Um moçambicano, a reunificação e a xenofobia na Alemanha
3 de outubro de 2018Ibraimo Alberto veio de Charonga, na província de Manica, para a extinta República Democrática da Alemanha (RDA) em 1981, como trabalhador convidado. Aqui, tornou-se pugilista, deputado do Partido Social Democrata (SPD) no parlamento municipal de Schwedt, no leste, e adquiriu a cidadania alemã. Atualmente atua como assistente social numa associação que apoia refugiados.
É uma uma testemunha da história da Alemanha. Ibraimo Alberto assistiu à queda do Muro de Berlim e acompanhou o processo de reunificação da Alemanha. O seu primeiro sentimento, naquela época, foi de felicidade.
"O bom dos direitos teve um grande significado. Mas também, por outro lado, não levou muito tempo, pensando que com a Reunificação mudou. Todos os discos viraram e apareceu o racismo diário. Na RDA estava escondido. Era também perigoso, mas estava mais controlado", descreve.
Racismo na RDA
Ibraimo já conhecia a xenofobia. Paralelamente ao trabalho na Berlim Oriental, o moçambicano tornou-se um pugilista de sucesso na RDA e viajava pelo país a participar em torneios. Mas quando brilhava nos ringues de cidades como Dresden, Magdeburg ou Weimar, os torcedores reagiam com agressões.
"Gritavam: 'Tem medo desse macaco? Você não pode ser vencido por esse macaco. Não seja vencido por esse macaco. O macaco só tem a força onde tem árvores, lá na África, de onde ele vem," recorda.
Esses acontecimentos ficam pequenos quando comparados a outras situações de racismo que Ibraimo presenciou. A pior delas, afirma, foi a morte do também moçambicano António Manuel Diogo, há 32 anos.

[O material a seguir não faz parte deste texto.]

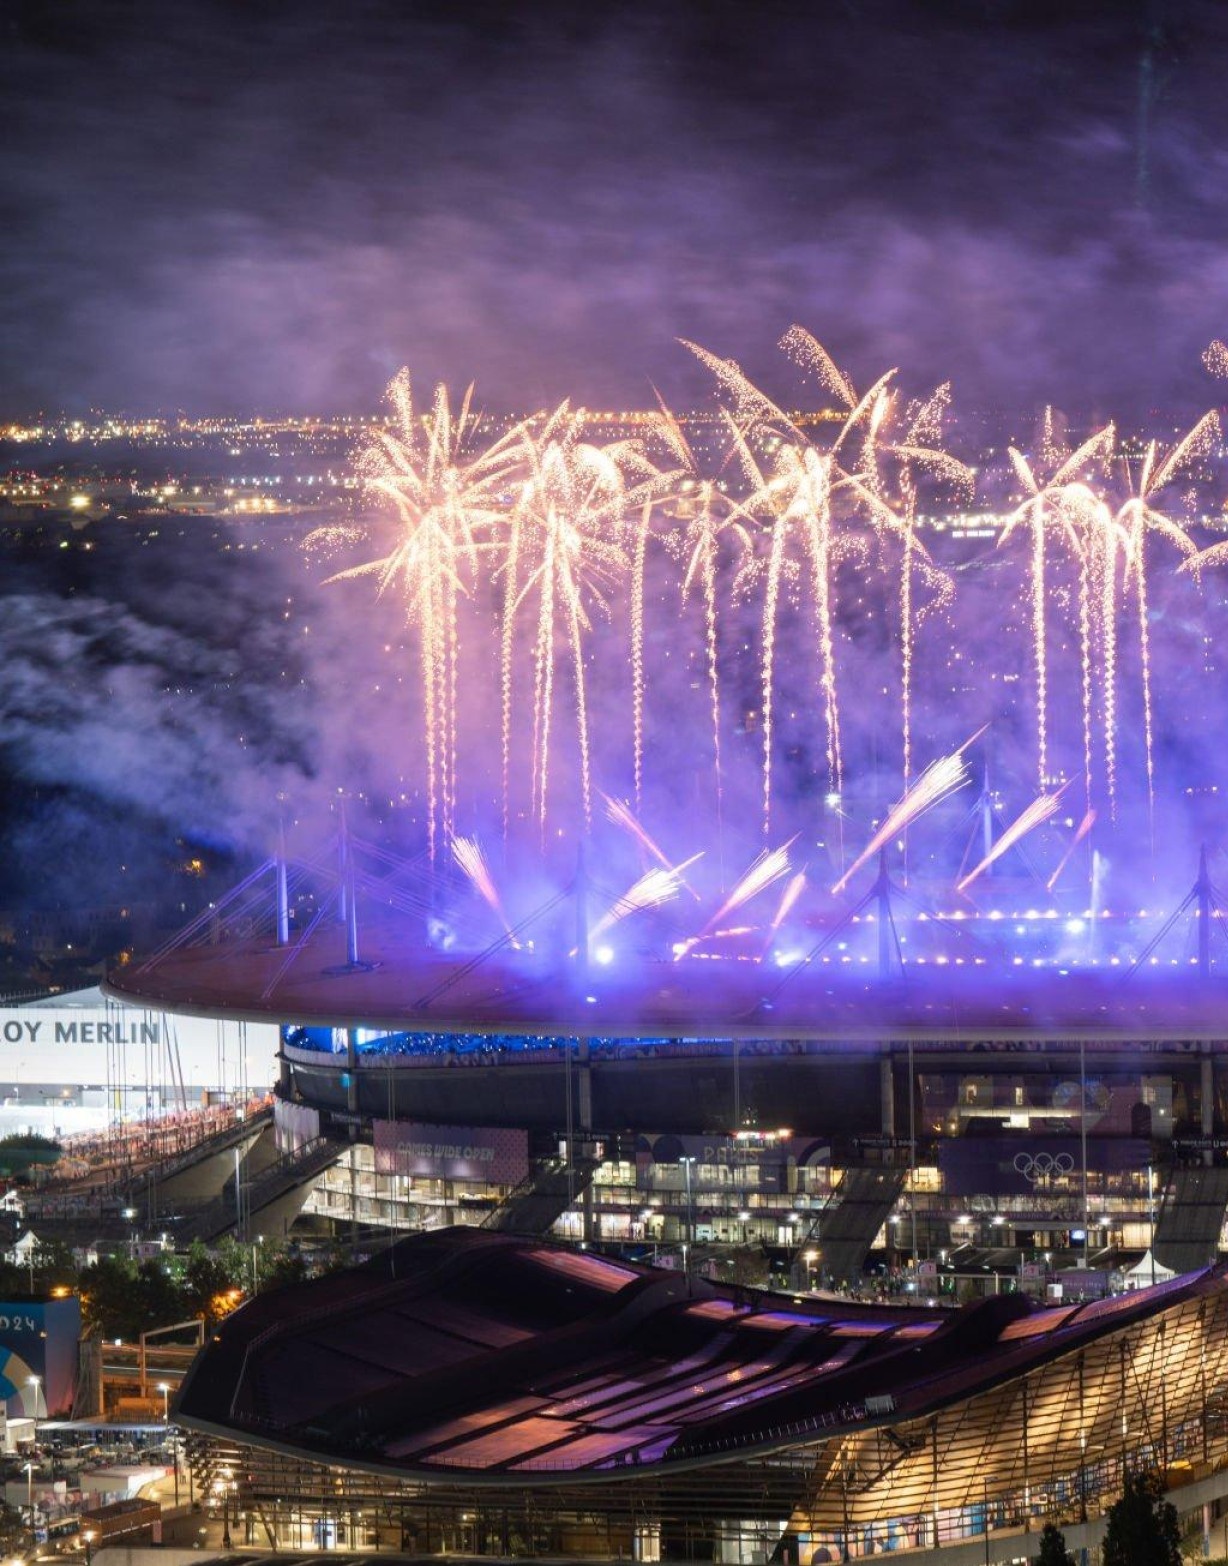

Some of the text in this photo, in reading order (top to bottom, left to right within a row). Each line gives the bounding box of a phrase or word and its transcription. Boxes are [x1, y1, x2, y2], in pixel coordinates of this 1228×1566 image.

"Amarram os pés e abrem as portas do comboio - eram portas que a pessoa poderia abrir. Deixaram o corpo no chão e para as rodas do comboio começarem a mastigar os pés, de pedaço em pedaço. Espedaçaram o corpo dele. Nem sei como contar. Isso é o racismo mais pesado que eu sobrevivi naqueles tempos", afirma Ibraimo.
Xenofobia após a reunificação
Depois da Reunificação, a violência racial não teve fim, diz Ibraimo. "Morriam pessoas que eram vistas como estrangeiros, eram abatidas na rua, no dia-a-dia. Eram abatidos na rua, empurrados, insultados, não eram servidos nos restaurantes. Aquilo já estava a piorar mesmo. A situação foi cada vez mais caótica", avalia.
Ibraimo viveu também na cidade de Schwedt, no leste. Lá, tornou-se deputado municipal. O seu objetivo principal era combater as ideias do Partido Nacional-Democrático da Alemanha (NPD).
"Eu vi que os racistas estavam já ganhando cada vez mais e faziam cada vez mais o que faziam. Então eu conseguia enfrentá-los, discutir com eles. Tentava sempre reagir, procurar um ponto da maioria para travar os problemas", conta.
Situação atual
Nos últimos anos, a xenofobia ganhou ainda mais espaço na política, com a entrada do partido Alternativa para a Alemanha (AfD), no Parlamento alemão. Ibraimo Alberto vê esses desenvolvimentos com preocupação. "A AfD ganha as eleições porque as pessoas estão zangadas com tudo, porque o próprio Governo, que está no poder, não está a fazer nada," considera.
Em 2008, Ibraimo Alberto foi distinguido Mensageiro para Democracia e Tolerância. Um reconhecimento por sua exemplar integração na sociedade alemã. Atualmente, trabalha como assistente social numa associação que apoia refugiados. Para os que chegam, dá sempre o mesmo conselho.
"A pessoa tem que ser muito paciente, ser tolerante e ter uma participação clara. É muito importante mostrar 'eu trouxe isso mais aquilo, mas quero aprender de você isso e aquilo," sugere.
Pelo caminho do diálogo, o moçambicano acredita ser possível vencer a xenofobia e promover a convivência em harmonia.
Ibraimo conta sua trajetória no livro "Ich Wollte Leben Wie Die Götter" - em português "Eu Queria Viver Como os Deuses" - lançado em 2014, em alemão.